Lindsay McGregor, Avant Law - Partner, Head of Property

Conveyancing is the process of buying or selling a property, which can be complex and is best done using expert solicitors.

Of particular importance when buying or selling is making sure all the correct conveyancing searches are carried out. These searches are normally carried out by your solicitor or conveyancer and provide essential information in relation to the property. Searches give the buyer comfort that the property they are buying is fit for purpose and will identify costs that may be associated with the property.

Here at Avant Law we know what we are looking for and can advise along the way to make sure there are no surprises after completion.

The following information explains some key concepts and identifies important searches to undertake during a property transaction.

Location, location, location

Where the property is located and what type of property it is will determine the searches we need to carry out.

In New South Wales for example, there is a requirement for vendor disclosure and a range of searches or title information must be attached to the contract for sale. No property can be advertised for sale in New South Wales without a contract for sale having been prepared.

By contrast, in Queensland, it is very much “buyer beware” and searches are not generally attached to the Contract for Sale. In that case, we recommend a range of searches that should be carried out during the conveyancing process to identify any issues.

Key searches to consider

First, a title search is critical to ensure the vendor is who they say they are and to identify any competing priorities on the title. Some other key searches required to demonstrate this are:

Search type

Description/ outcome

Building and Pest:

This is normally carried out by a specialist building and pest inspector. They visit the property and check its condition and look for evidence of disrepair or infestation of pests. These reports are generally quite thorough, but it is often the case that the existence of furnishings and other obstructions will limit access to some areas of the building.

ASIC or Bankruptcy search:

These searches will generally identify if the other party is solvent and actually able to buy or sell the property. They may also give an indication of creditworthiness.

Title:

A title search identifies the owner of the property and lists any registered mortgages, easements or covenants.

Easement or Covenant:

If an easement or covenant is registered on title, we will be able to obtain a copy and provide details of any associated maintenance obligations, 3rd party rights or restrictions on what you can do with the property.

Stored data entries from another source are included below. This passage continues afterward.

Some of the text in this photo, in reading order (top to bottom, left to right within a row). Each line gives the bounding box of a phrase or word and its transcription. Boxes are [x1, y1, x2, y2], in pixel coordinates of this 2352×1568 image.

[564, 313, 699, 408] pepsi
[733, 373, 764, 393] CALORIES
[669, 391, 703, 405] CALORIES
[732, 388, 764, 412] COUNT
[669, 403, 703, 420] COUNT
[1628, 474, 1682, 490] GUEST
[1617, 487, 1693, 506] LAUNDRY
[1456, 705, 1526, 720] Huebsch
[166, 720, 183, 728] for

Strata/Community Title or Common Property:

If the property is strata or community title, then there will be shared or common property which may also have easements or covenants registered on it. These may also place obligations on owners.

By-Laws:

If the property is strata title, then obtaining a copy of the by-laws is essential to understand the rules of the building.

Plans:

A copy of the registered plan of the land or strata lot is obtained, so you are able to properly identify it.

Council:

There are  various of council searches that may need to be carried out. These range from  determining if there are outstanding rates or infrastructure charges, to  making sure all the correct development approvals were obtained and there are  no unlawful structures erected on the property.

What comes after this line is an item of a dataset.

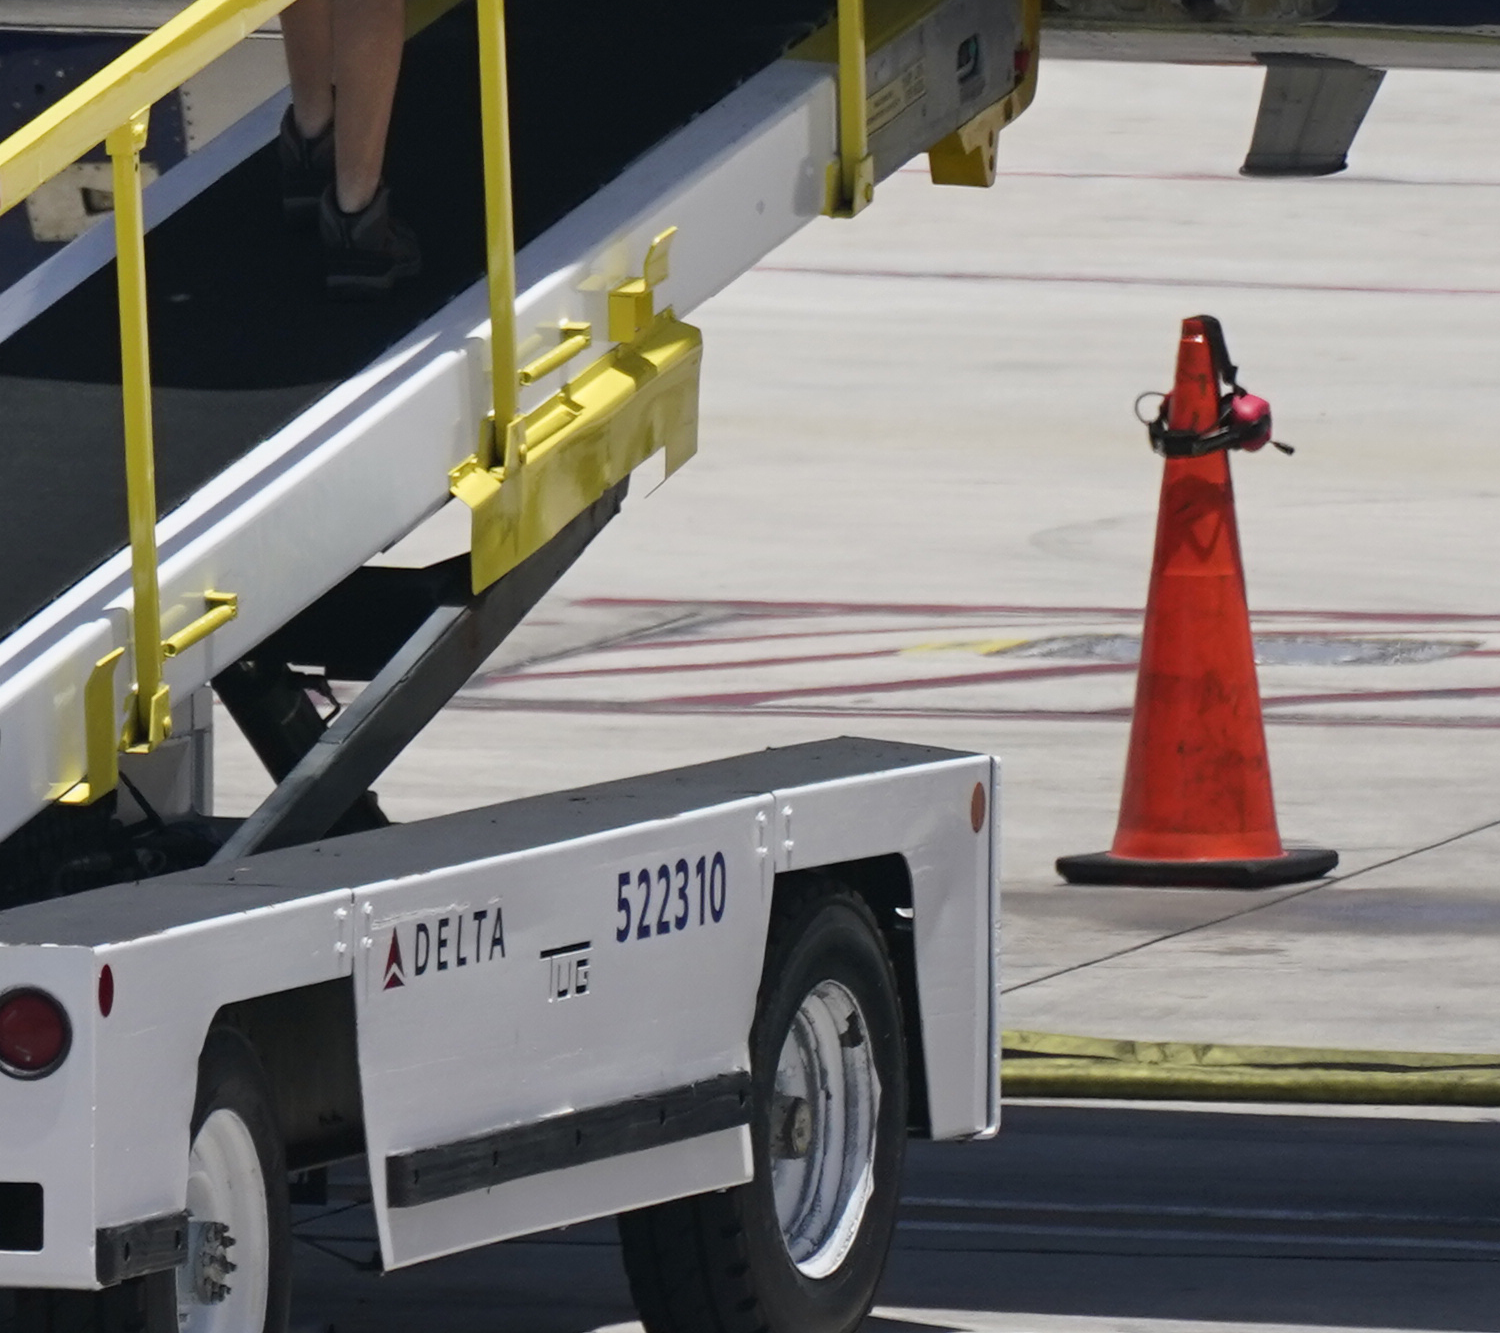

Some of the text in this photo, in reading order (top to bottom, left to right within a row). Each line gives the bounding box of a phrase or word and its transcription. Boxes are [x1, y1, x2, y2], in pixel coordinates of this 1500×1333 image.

[616, 850, 726, 943] 522310
[414, 906, 506, 976] DELTA
[539, 939, 592, 1003] TUG

Water Infrastructure and costs:

Make sure  that if water is connected to the property, there are no outstanding amounts  payable or drainage issues.  It may  also need to be considered if any structures have been constructed over water  pipes or drains, as these may need to be demolished if there is a problem.

Roads:

If there is any planned road widening or construction of new roads or tunnels nearby, it is prudent to identify this and avoid buying a property that could in the near future be resumed. A similar rail search may be required.

Mines:

It is prudent to search for historical or current mining activity on or under the land.

Contamination:

Although the land may be residential, a previous use could have left contamination. It is therefore prudent to identify this as there could be unexpected costs associated with controlling or remediating the contamination.

Heritage:

A property could appear on a Heritage Register for a number of reasons. These include Aboriginal, environmental, built and archaeological heritage. Having heritage protection may prevent further development or use of the land.

Telephone:

Do you want to know if a 5G tower is going in near your potential property? Records can easily be searched to identify if there are any plans in place to install a telephone tower.

Land Tax:

To ensure no liability to pay land tax is passed to the purchaser, a land tax search will disclose if land tax is payable.

This is general advice only. The different searches you need depend on the state or territory in which the property is located, and its intended use. If the property is rural or commercial, there will be additional searches to consider and a more extensive due diligence is recommended.

The Process

‍Here at Avant Law, we have access to all the relevant databases and search engines. We can easily undertake all the relevant searches and provide you with up to date and accurate advice.

What can go wrong if you don’t do the searches?

A buyer was unaware there was a $600,000 outstanding infrastructure charge registered against the property they were buying. Had they undertaken a council search, it would have identified this and the buyer could have either terminated the contract or negotiated a price adjustment. Because the buyer was unaware this outstanding charge existed, after completion when Council chased payment, the buyer was liable.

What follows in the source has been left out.